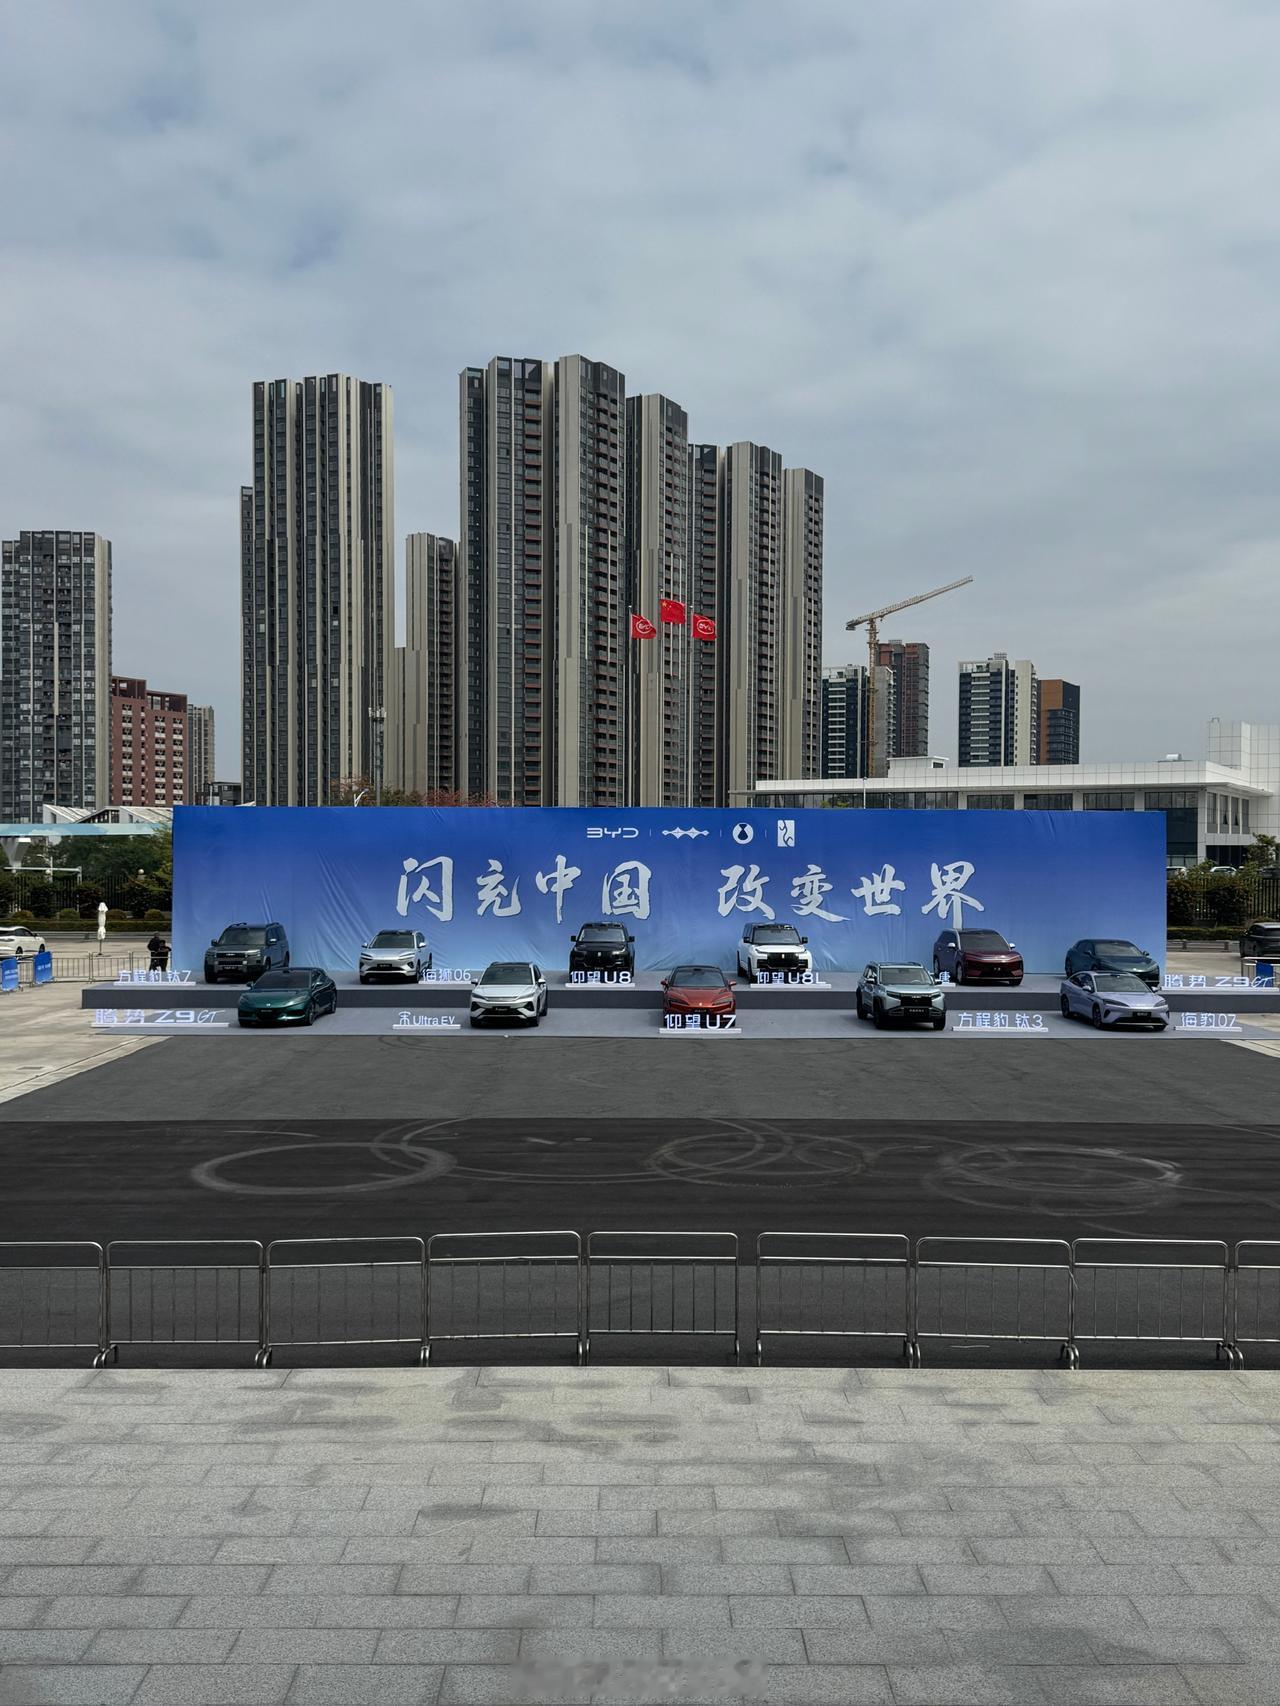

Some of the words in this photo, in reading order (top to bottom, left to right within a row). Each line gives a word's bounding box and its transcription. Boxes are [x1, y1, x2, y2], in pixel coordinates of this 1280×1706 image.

[586, 827, 639, 839] BYD
[395, 854, 651, 925] 闪充中国
[716, 862, 985, 929] 改变世界
[119, 969, 163, 983] 方程豹
[570, 971, 601, 984] 仰望
[604, 971, 632, 984] U8
[755, 972, 785, 985] 仰望
[788, 972, 826, 985] U8L
[1164, 974, 1207, 988] 腾势
[95, 1008, 145, 1023] 腾势
[441, 1016, 456, 1025] EV
[664, 1014, 701, 1029] 仰望
[706, 1014, 737, 1029] U7
[958, 1012, 1009, 1028] 方程豹
[1015, 1013, 1044, 1028] 钛3
[1181, 1012, 1237, 1027] 海豹07
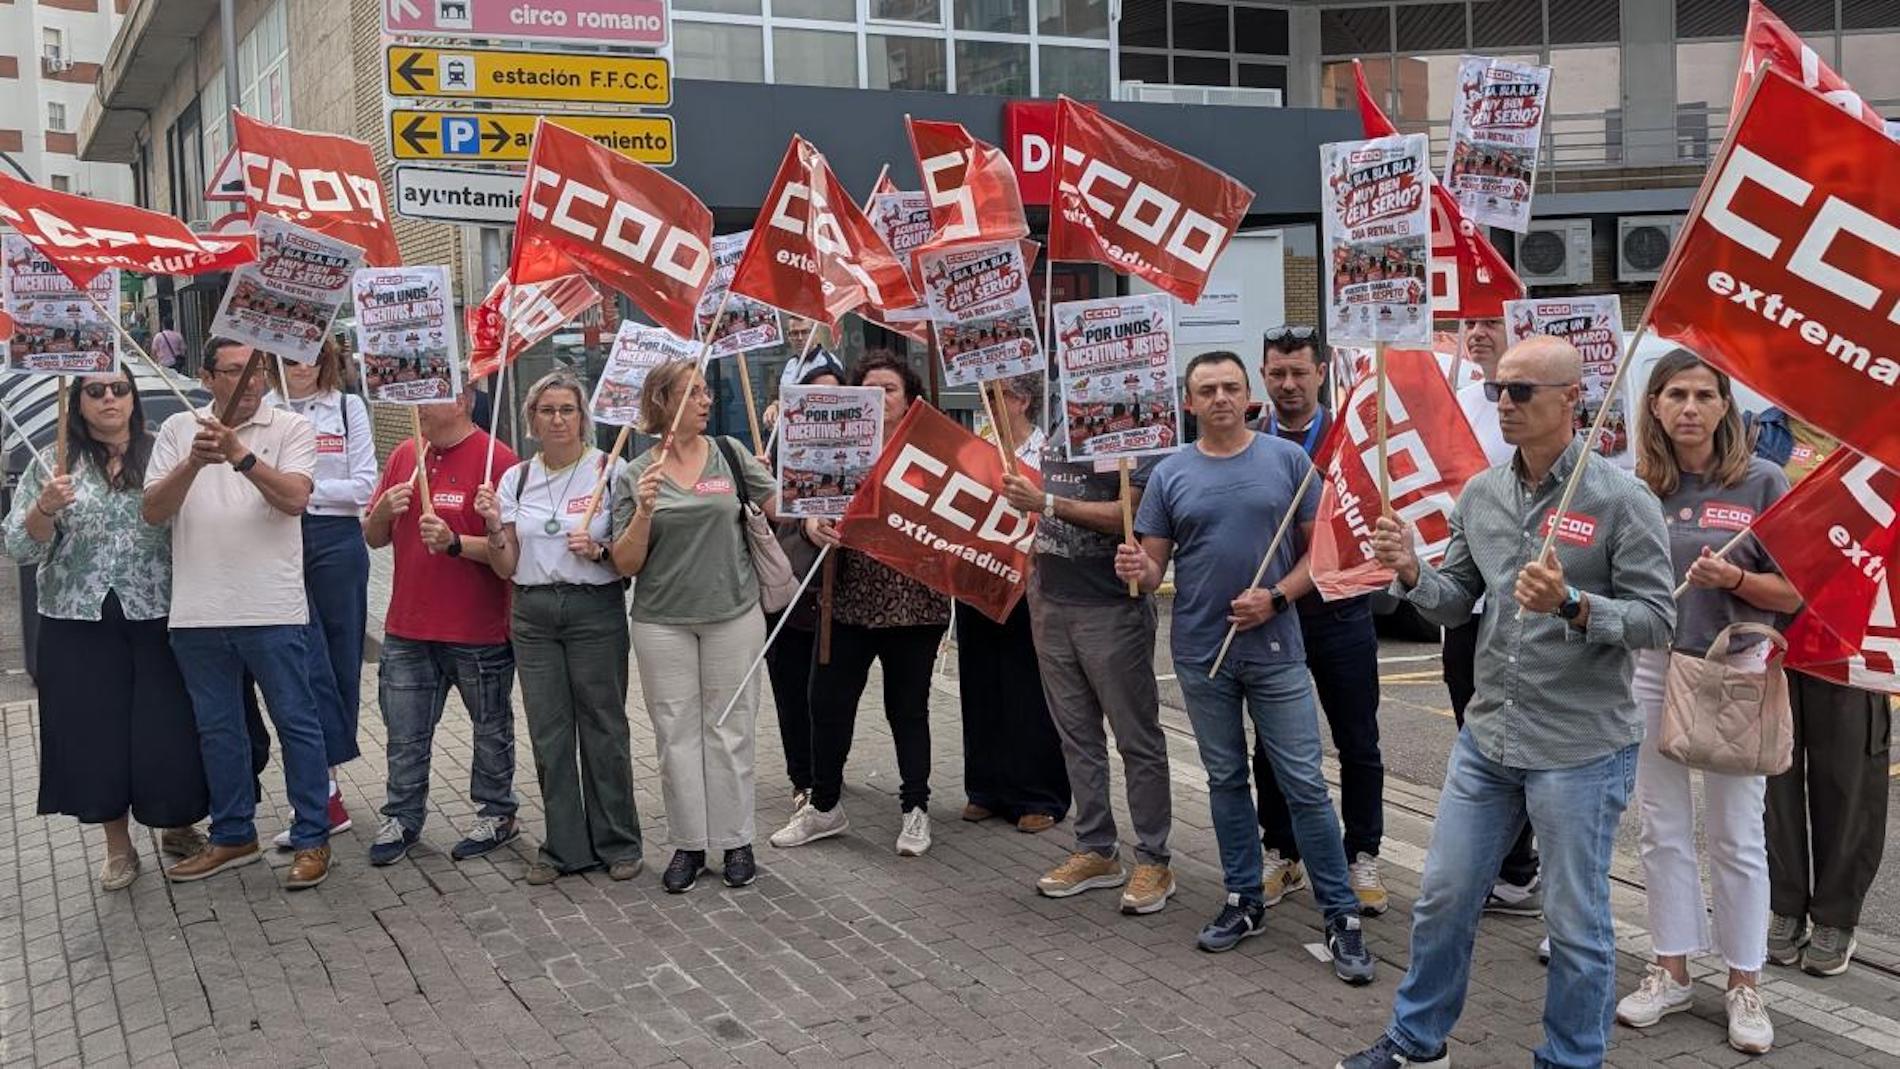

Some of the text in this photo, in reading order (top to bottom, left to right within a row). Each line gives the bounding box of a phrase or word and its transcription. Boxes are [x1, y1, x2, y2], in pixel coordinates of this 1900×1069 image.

[510, 6, 661, 31] circo romano
[492, 69, 664, 90] estación F.F.C.C.
[1494, 106, 1540, 124] SERIO?
[515, 131, 667, 151] amiento
[1022, 134, 1051, 172] D
[404, 186, 523, 208] ayuntamie
[1371, 184, 1421, 217] SERIO?
[1701, 144, 1900, 330] CC
[974, 271, 1019, 299] SERIO?
[1084, 308, 1120, 320] CCOO
[1086, 319, 1151, 344] POR UNOS
[1573, 330, 1610, 346] MARCO
[1067, 340, 1129, 369] INCENTIVOS
[805, 407, 862, 421] POR UNOS
[1705, 507, 1752, 524] CCOO

* * *

## Exercise brief
Output the full material above exactly, leaving every picture out.

## Solution for this problem
Some of the words in this photo, in reading order (top to bottom, left to right within a row). Each line gives a word's bounding box and its transcription. Boxes are [x1, y1, x2, y2], in pixel coordinates of this 1280×1706 image.

[586, 827, 639, 839] BYD
[395, 854, 651, 925] 闪充中国
[716, 862, 985, 929] 改变世界
[119, 969, 163, 983] 方程豹
[570, 971, 601, 984] 仰望
[604, 971, 632, 984] U8
[755, 972, 785, 985] 仰望
[788, 972, 826, 985] U8L
[1164, 974, 1207, 988] 腾势
[95, 1008, 145, 1023] 腾势
[441, 1016, 456, 1025] EV
[664, 1014, 701, 1029] 仰望
[706, 1014, 737, 1029] U7
[958, 1012, 1009, 1028] 方程豹
[1015, 1013, 1044, 1028] 钛3
[1181, 1012, 1237, 1027] 海豹07

Some of the text in this photo, in reading order (top to bottom, left to right within a row). Each line gives the bounding box of a phrase or word and its transcription. Boxes are [x1, y1, x2, y2], in pixel coordinates of this 1900×1069 image.

[510, 6, 661, 31] circo romano
[492, 69, 664, 90] estación F.F.C.C.
[1494, 106, 1540, 124] SERIO?
[515, 131, 667, 151] amiento
[1022, 134, 1051, 172] D
[404, 186, 523, 208] ayuntamie
[1371, 184, 1421, 217] SERIO?
[1701, 144, 1900, 330] CC
[974, 271, 1019, 299] SERIO?
[1084, 308, 1120, 320] CCOO
[1086, 319, 1151, 344] POR UNOS
[1573, 330, 1610, 346] MARCO
[1067, 340, 1129, 369] INCENTIVOS
[805, 407, 862, 421] POR UNOS
[1705, 507, 1752, 524] CCOO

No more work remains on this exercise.